Q2 2024 World Acceptance Corp Earnings Call

Participants

John L. Calmes; Executive VP, Chief Financial & Strategy Officer and Treasurer; World Acceptance Corporation

Ravin Chad Prashad; President, CEO & Director; World Acceptance Corporation

John J. Rowan; Director of Specialty Finance; Janney Montgomery Scott LLC, Research Division

Vincent Albert Caintic; MD & Equity Research Analyst; Stephens Inc., Research Division

Presentation

Operator

Good morning, and welcome to World Acceptance Corporation's Second Quarter 2024 Earnings Conference Call. This call is being recorded. (Operator Instructions)
Before we begin, the corporation has requested that I make the following announcement. The comments made during this conference may contain certain forward-looking statements within the meaning of Section 21E of the Securities Exchange Act of 1934 that represent the corporation's expectations and beliefs concerning future events.
Such forward-looking statements are about matters that are inherently subject to risks and uncertainties.
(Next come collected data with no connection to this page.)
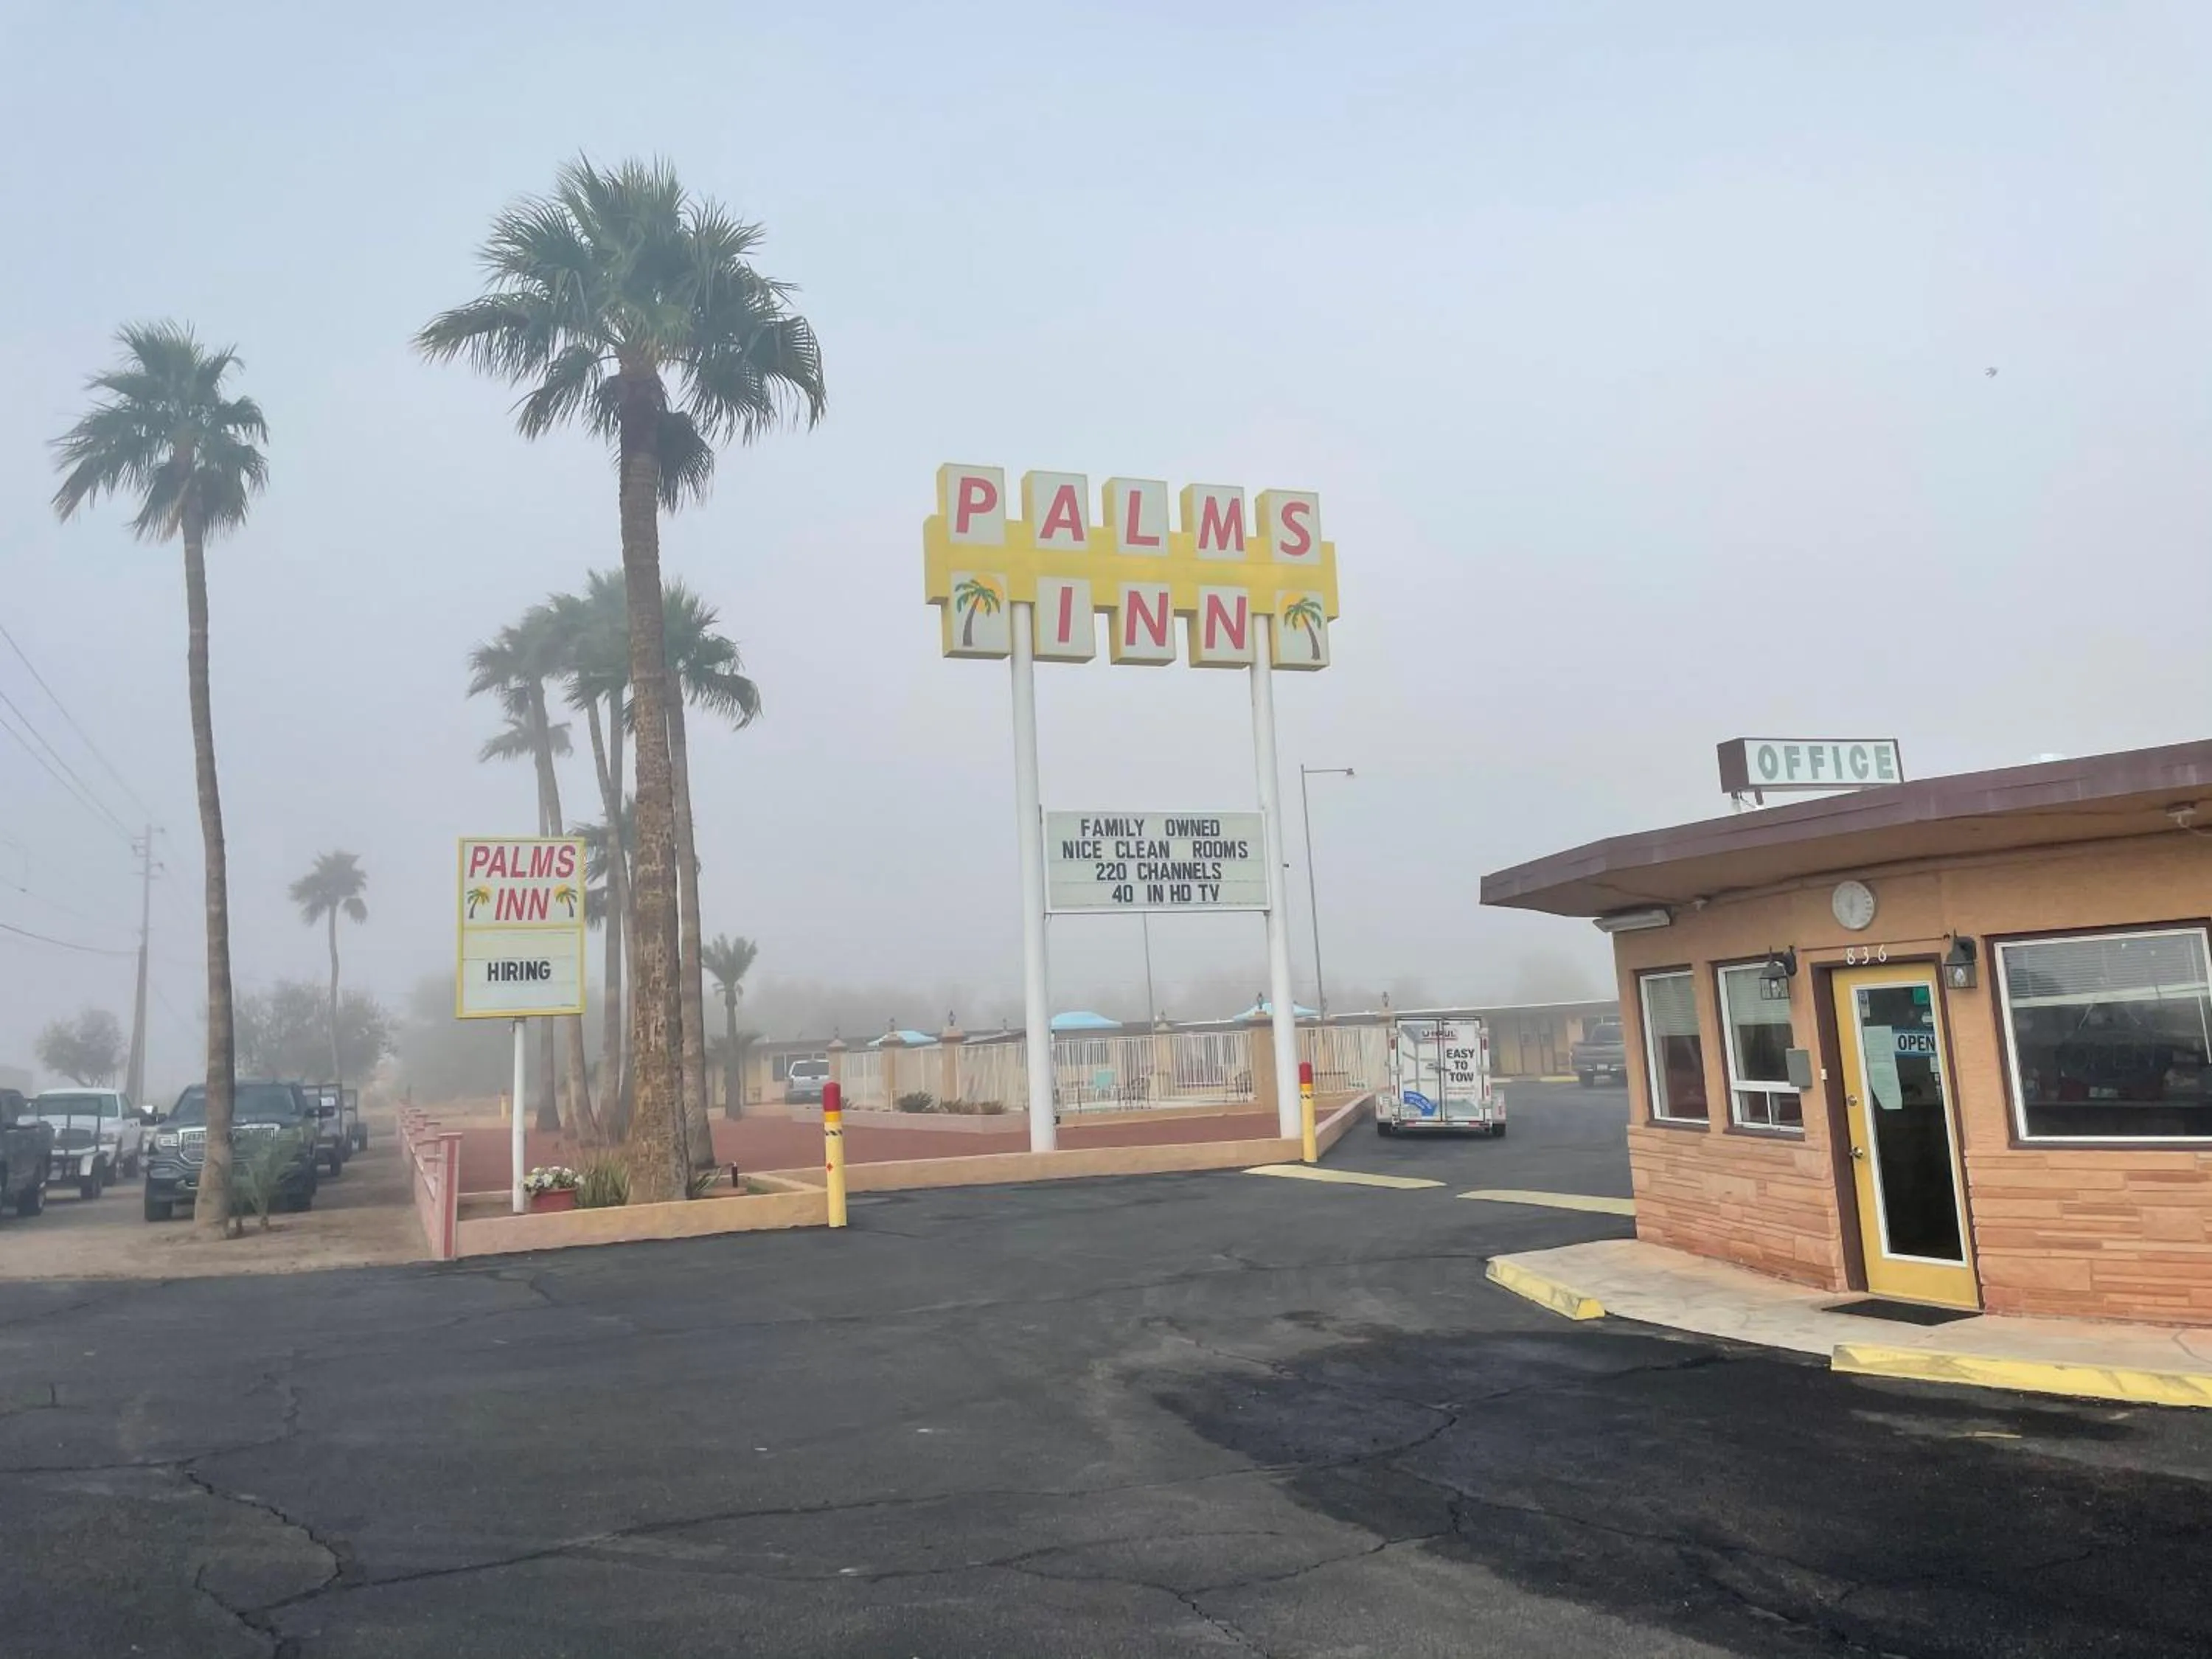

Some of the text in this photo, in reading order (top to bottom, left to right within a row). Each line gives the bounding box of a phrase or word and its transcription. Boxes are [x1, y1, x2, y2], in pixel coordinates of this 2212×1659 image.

[955, 476, 1312, 557] PALMS
[1057, 585, 1248, 650] INN
[1757, 744, 1894, 781] OFFICE
[1080, 818, 1221, 838] FAMILY OWNED
[1062, 840, 1249, 860] NICE CLEAN ROOMS
[468, 844, 576, 878] PALMS
[1096, 862, 1222, 881] 220 CHANNELS
[1111, 884, 1220, 903] 40 IN HD TV
[495, 888, 551, 921] INN
[1846, 945, 1888, 965] 836
[487, 961, 552, 982] HIRING
[1897, 1034, 1936, 1051] OPEN
[1446, 1048, 1475, 1059] EASY
[1454, 1060, 1469, 1071] TO
[1450, 1072, 1475, 1082] TOW
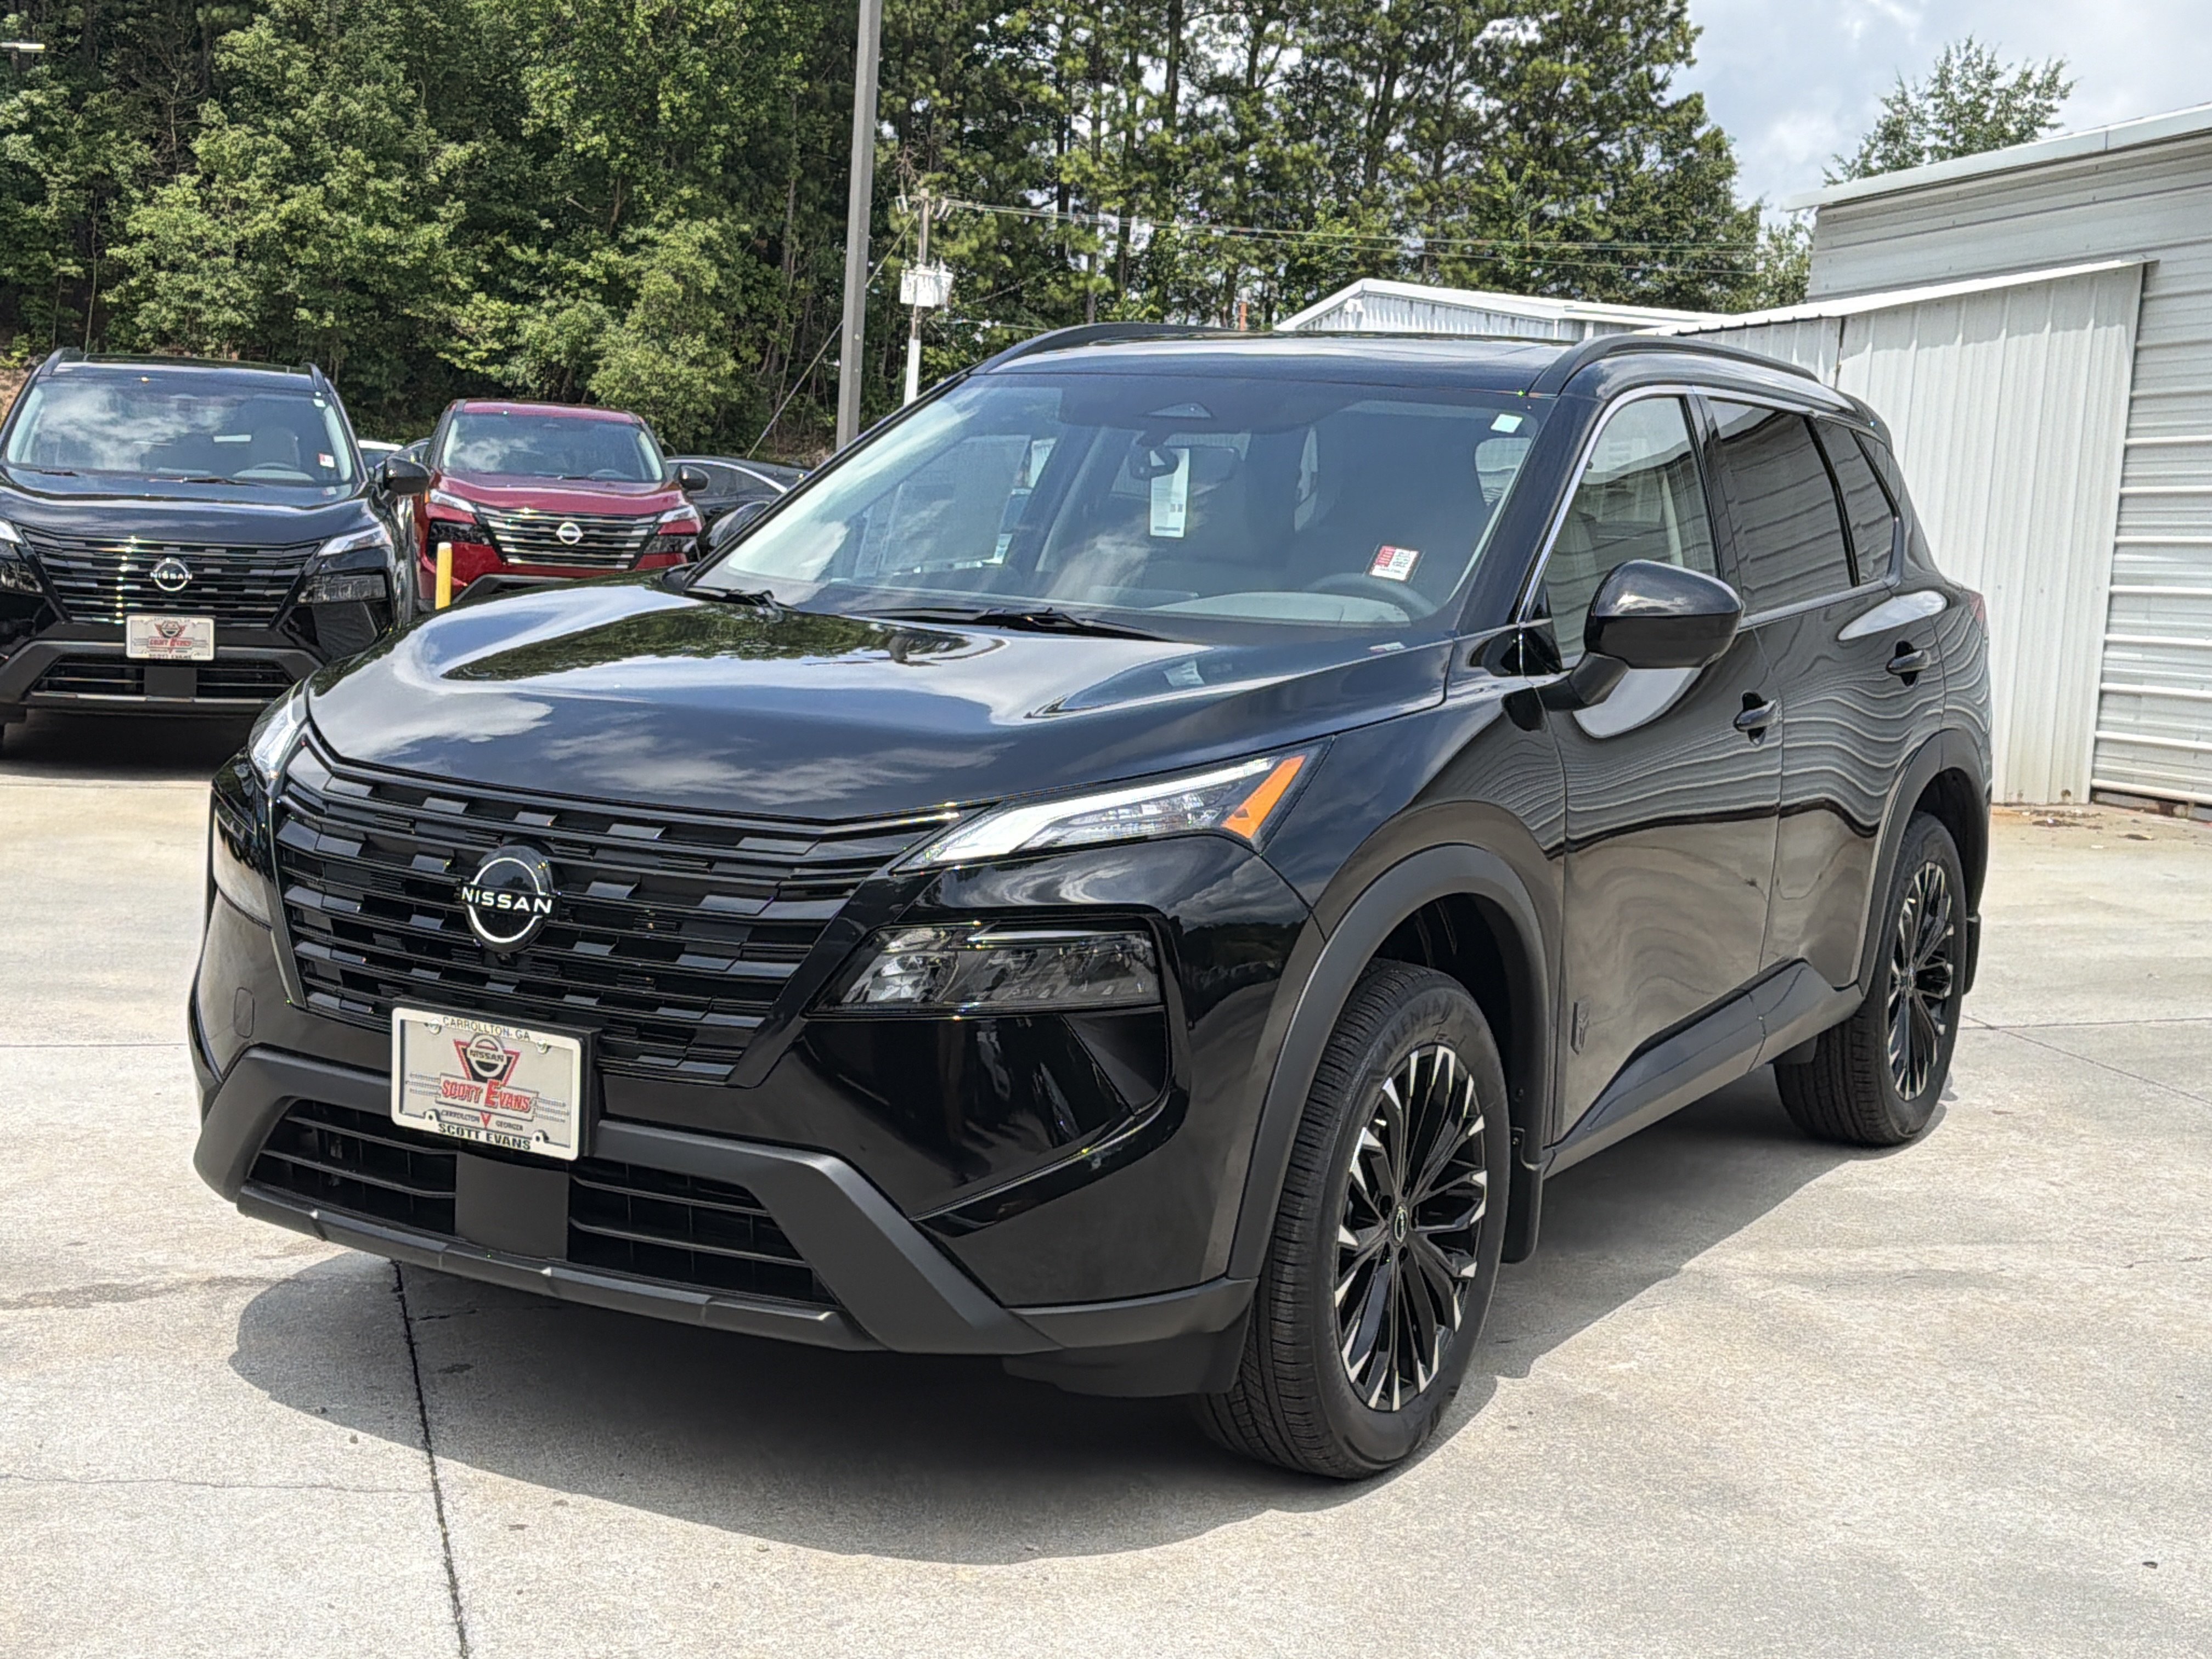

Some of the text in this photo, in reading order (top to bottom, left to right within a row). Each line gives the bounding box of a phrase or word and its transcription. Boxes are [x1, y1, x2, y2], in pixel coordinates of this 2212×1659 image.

[461, 886, 552, 914] NISSAN
[515, 1029, 531, 1041] GA
[470, 1049, 504, 1063] NISSAN
[442, 1079, 532, 1113] SCOTT EVANS
[438, 1124, 531, 1150] SCOTT EVANS
Statements other than those of historical fact as well as those identified by the words anticipate, estimate, intend, plan, expect, believe, may, will and should or any variation of the foregoing and similar expressions are forward-looking statements.
Additional information regarding forward-looking statements and any factors that could cause actual results or performance to differ from the expectations expressed or implied in such forward-looking statements are included in the paragraph discussing forward-looking statements in today's earnings press release and in the Risk Factors section of the corporation's most recent Form 10-K for the fiscal year ended March 31, 2023, and subsequent reports filed with or furnished to the SEC from time to time. The corporation does not undertake any obligation to update any forward-looking statements it makes.
At this time, it is my pleasure to turn the floor over to your host, Chad Prashad, President and Chief Executive Officer. Please go ahead.

Ravin Chad Prashad

Good morning, and thank you for joining our fiscal 2024 second quarter earnings call. Before we open up to questions, there are a few areas that I'd like to highlight.
In fiscal year 2023, we tightened underwriting as economic uncertainty and inflation concerns were increasing. For the remainder of '23 and into early 2024, we weather delinquency normalization after a period of very low delinquency, mostly induced by economic stimulus, followed by extraordinary portfolio growth. This year, we continue to see lower and normalizing delinquency rates in our portfolio and increasing yields and expect these trends to continue for several more months. These outcomes are primarily due to adjustments to our operational efficiencies, marketing and underwriting as well as an overall heightened focus on credit quality and yields that we've discussed in prior earnings calls.
We continue to see economic uncertainties and potential impacts to both customer cash flow and their credit histories, both positive and negative on the horizon as potential outcomes for our customer base. Therefore, we cautiously have been increasing approval and booking rates for our best applicants and continue to explore ways to profitably serve more of our applicants. Today, our approval and booking rates, while higher than this time last year, remain low compared to historical norms.
During the second quarter, our customer base continued to grow and the number of new loan originations remained stable versus the prior quarter and increased by over 1/3 compared to the same quarter last year. The number of new customers each quarter as a percentage of our customer base continues to increase, and we're returning closer to our historical normal growth rate. The number of former or return customer originations also increased to be slightly above historical volumes. That's as a percent of the customer base, and it has increased both nominally and relatively compared to the second quarter of last year. This growth is important as our overall average loan balance continues to be rightsized as we've discussed with the portfolio risk and yield. All originations made this quarter have approximately a 10% lower balance year-over-year, and the average current balance outstanding has declined around 4%.
While economic uncertainties still exist, management continues to accrue for a long-term incentive plan with vesting tiers of $16.35 and $20.45 earnings per share. We were no longer accruing for the $25.30 stretch EPS target, primarily due to reduced new customer investment, which would hinder overall potential growth for this fiscal year. Bad growth or lack of growth reduces the earnings power for the next fiscal year. We believe this move is prudent for the long-term health of the company as credit risk and economic uncertainty are likely to persist for some time, and our new customer investment remains tempered and focused on the highest credit quality. We continue to see stabilizing and improving credit quality yields and operational conditions as we look forward and accrue for the [$20.45] EPS target for fiscal year 2025.
At this time, Jhonny Calmes, our Chief Financial and Strategy Officer, and I would like to open up to any questions you have.